Exercise:
Write back every entry exactly as it reads, with the pictures left behind.

Stored data
>>>>>
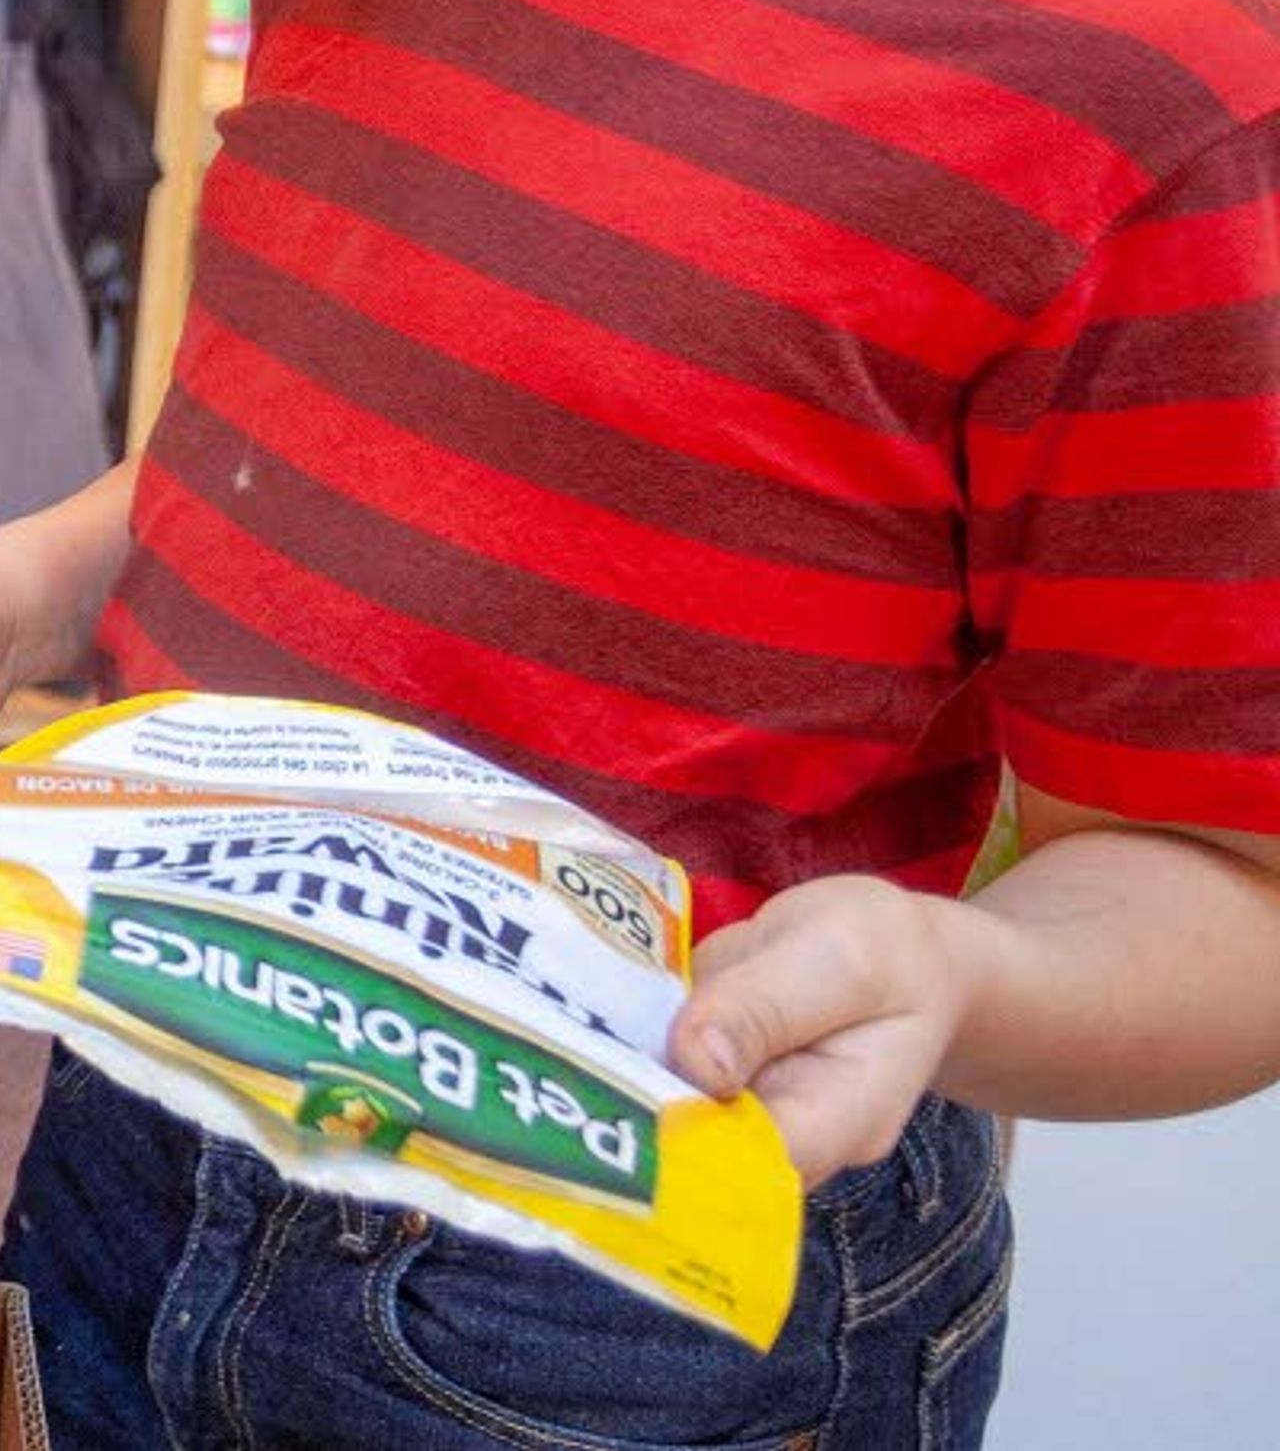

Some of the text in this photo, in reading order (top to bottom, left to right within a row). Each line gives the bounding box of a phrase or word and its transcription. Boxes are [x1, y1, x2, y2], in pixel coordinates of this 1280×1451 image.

[14, 774, 113, 795] BACON
[556, 864, 653, 951] 500
[108, 917, 479, 1111] Botanics
[494, 1060, 639, 1175] Pet
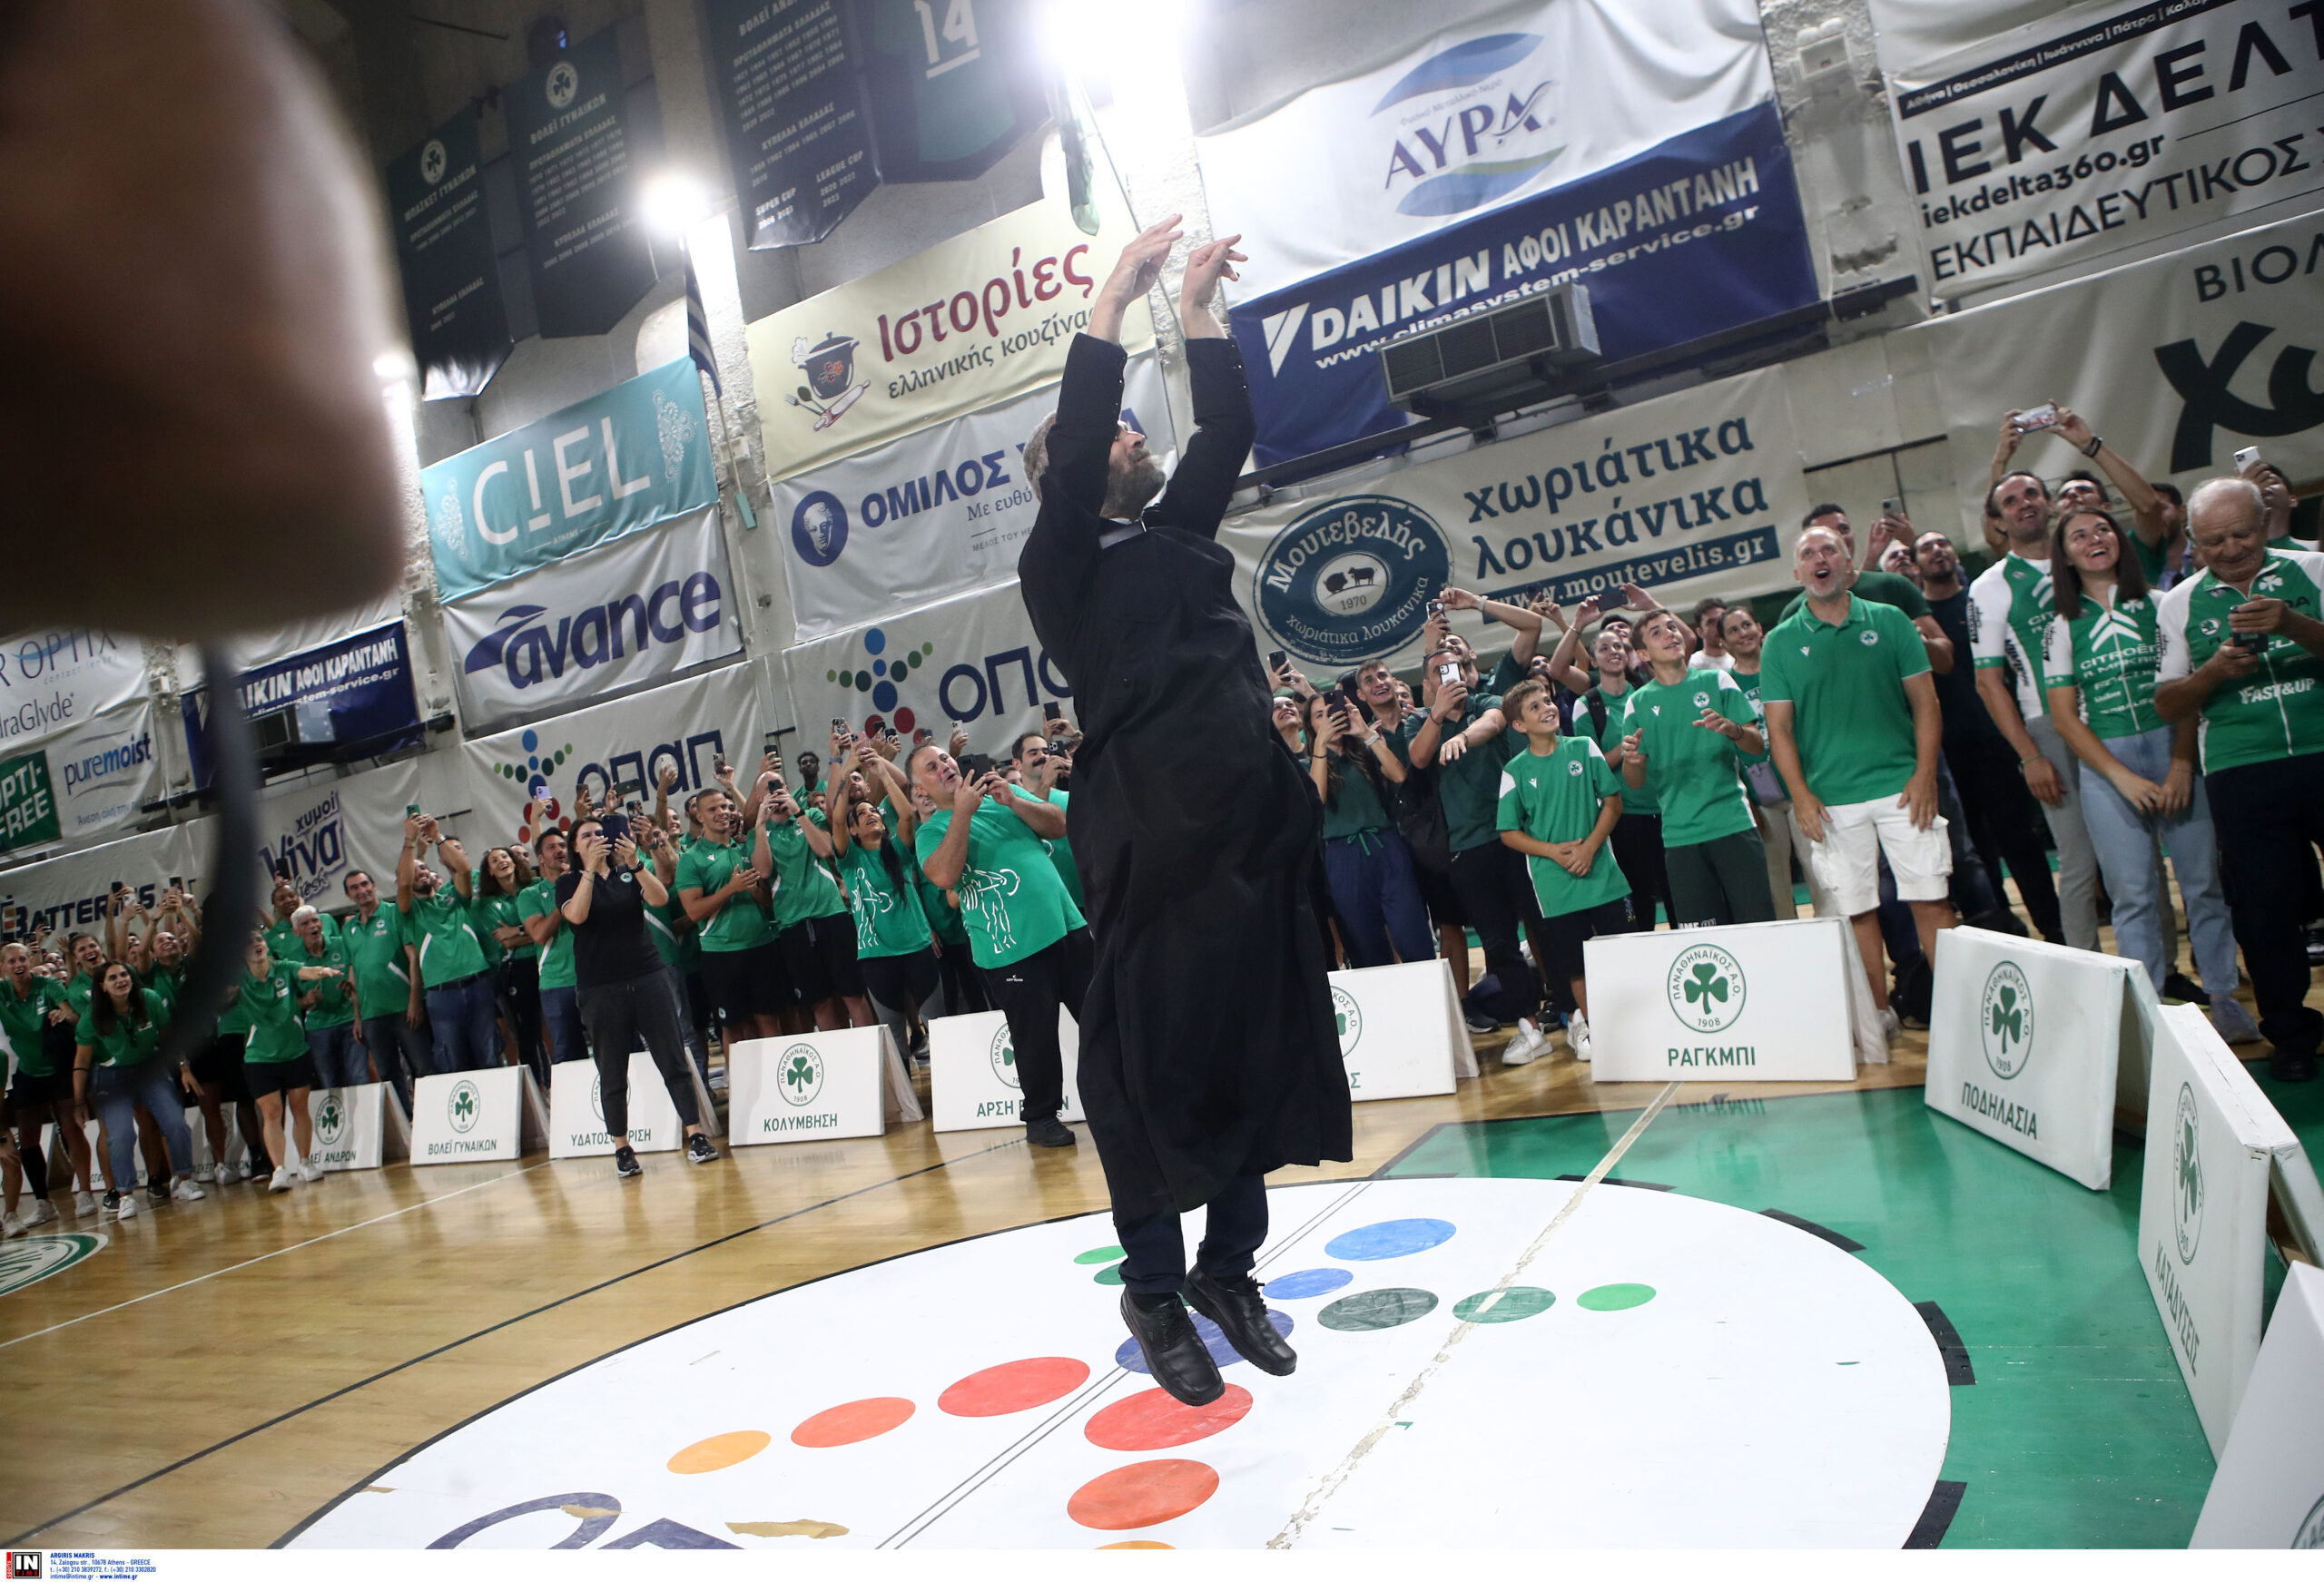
<<<<<
Problem solution:
Some of the text in this photo, in reading order (top to bottom, left to right within a row). Each line gives the bounding box of a phrase or word and its transcription. Boxes are [x1, y1, x2, y2], in pixel coordinates of this 1280×1451 image.

[14, 774, 113, 795] BACON
[556, 864, 653, 951] 500
[108, 917, 479, 1111] Botanics
[494, 1060, 639, 1175] Pet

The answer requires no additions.